Qu’est-ce que c’est ?
-
Oh, ça... c’est une vieille carte routière qui m’a permis il y
a plusieurs années de faire un voyage un peu particulier.
-
Un voyage ? Où ça ?
-
Eh bien, comme tu le sais, notre famille a des origines aux quatre
coins de la France : j’ai un grand-père basque, un autre
normand, une grand-mère provençale et la dernière iséroise. Tu te
souviens, on a travaillé sur sa généalogie la semaine dernière et
je te l’ai aussi montrée en photo ?
-
Ah oui... elle portait une belle robe avec un tablier et une sorte de
bonnet en dentelle sur la tête. Qu’est-ce qu’elle était belle !
-
Exactement, c’est elle. Le hasard de la vie a fait que je n’étais
jamais allé moi-même là où elle est née et où elle a grandi.
Quand elle avait 23 ans, elle est tombée amoureuse d’un Normand
qui était de passage, elle l’a épousé et ils sont partis vivre
chez lui, en Normandie. Ni mes grands-parents ni mes parents ne nous
ont ensuite beaucoup parlé de cette partie de notre arbre
généalogique. Alors, un jour, j’ai décidé de découvrir par
moi-même l’univers d’enfance de ma grand-mère. J’ai profité
d’avoir des vacances pour prendre ma voiture et me lancer à
l’assaut du Dauphiné !
-
Le Dauphiné ?
-
Oui c’est comme ça qu’on appelait l’Isère autrefois... tout
simplement car le blason des seigneurs de cette province comportait…
un dauphin !
-
Je trouve cet animal merveilleux !
-
Me voilà donc parti de Caen. Une fois passé Lyon, je décidai de
quitter l’autoroute et d’emprunter les routes de campagne pour
arriver à La-Côte-Saint-André, la petite ville où elle était
née.
-
Oh là là mais ce n’était pas trop long et ennuyeux ce voyage,
Papy ?
-
Pas du tout.

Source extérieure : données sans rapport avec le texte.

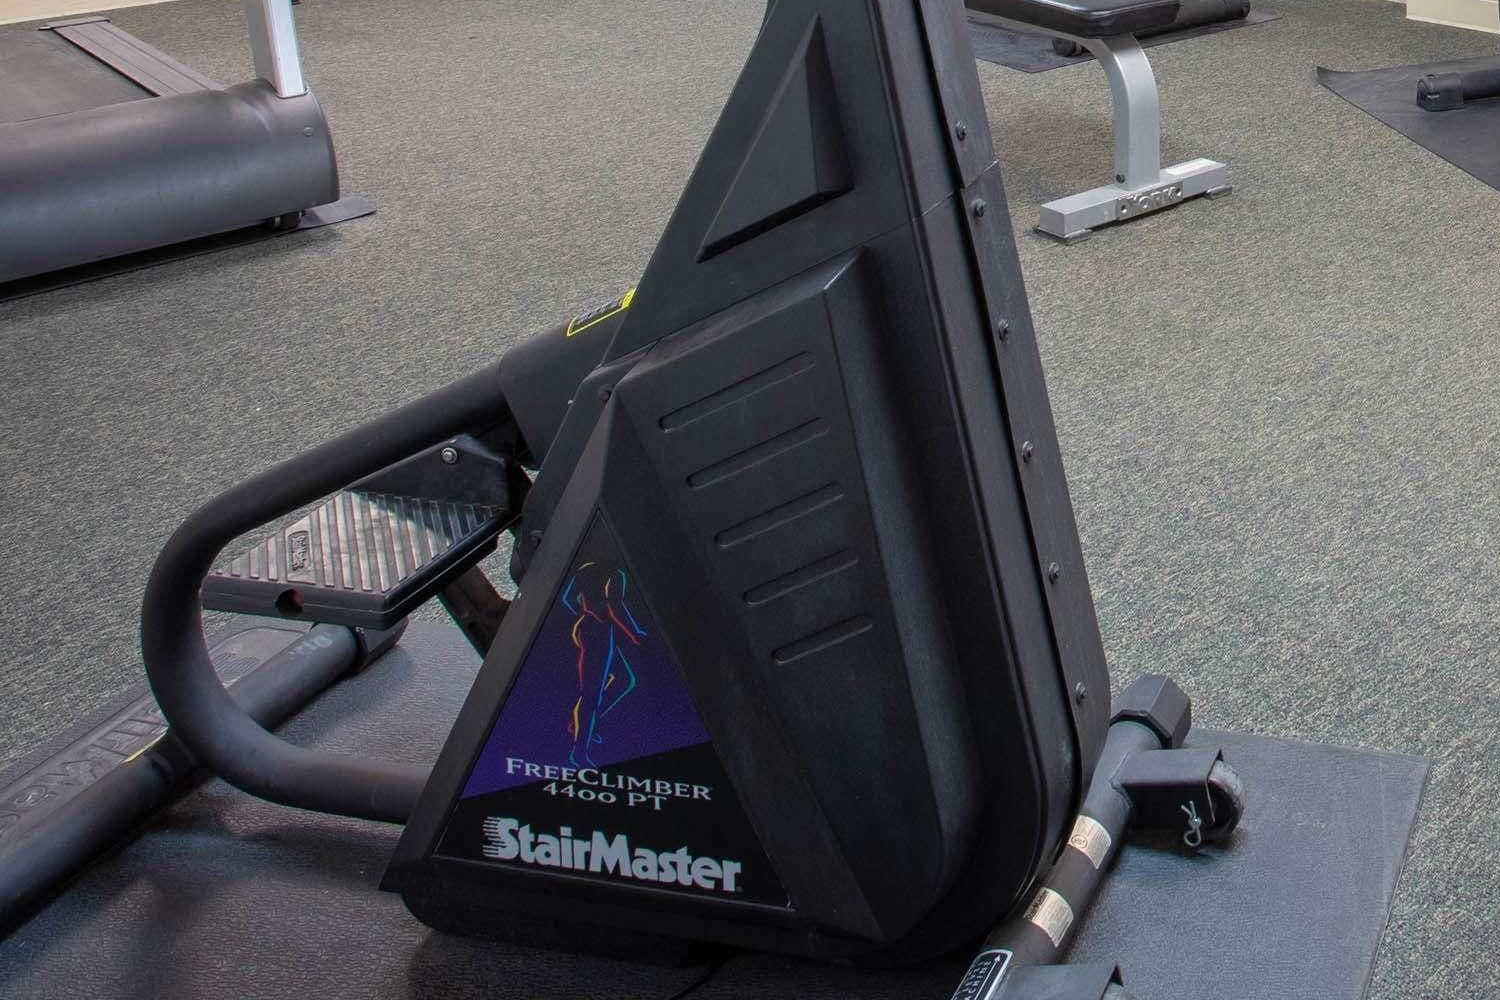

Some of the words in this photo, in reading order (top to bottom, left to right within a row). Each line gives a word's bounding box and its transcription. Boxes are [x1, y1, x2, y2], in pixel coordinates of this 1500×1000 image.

Par exemple, peu de temps avant d’arriver à
La-Côte-Saint-André, il m’est arrivé une petite surprise.
-
Laquelle ?
-
Eh bien imagine-toi qu’il y avait devant ma voiture et moi une
série de plusieurs collines. J’étais ainsi obligé de monter puis
de descendre avant de remonter encore…
-
Ah comme des montagnes russes ? Ça devait être amusant ça !
-
Exactement ! Et j’ai compris plus tard que tous les espaces
entre ces collines avaient été creusés par de gigantesques
glaciers qui descendaient jusque là il y a des milliers d’années.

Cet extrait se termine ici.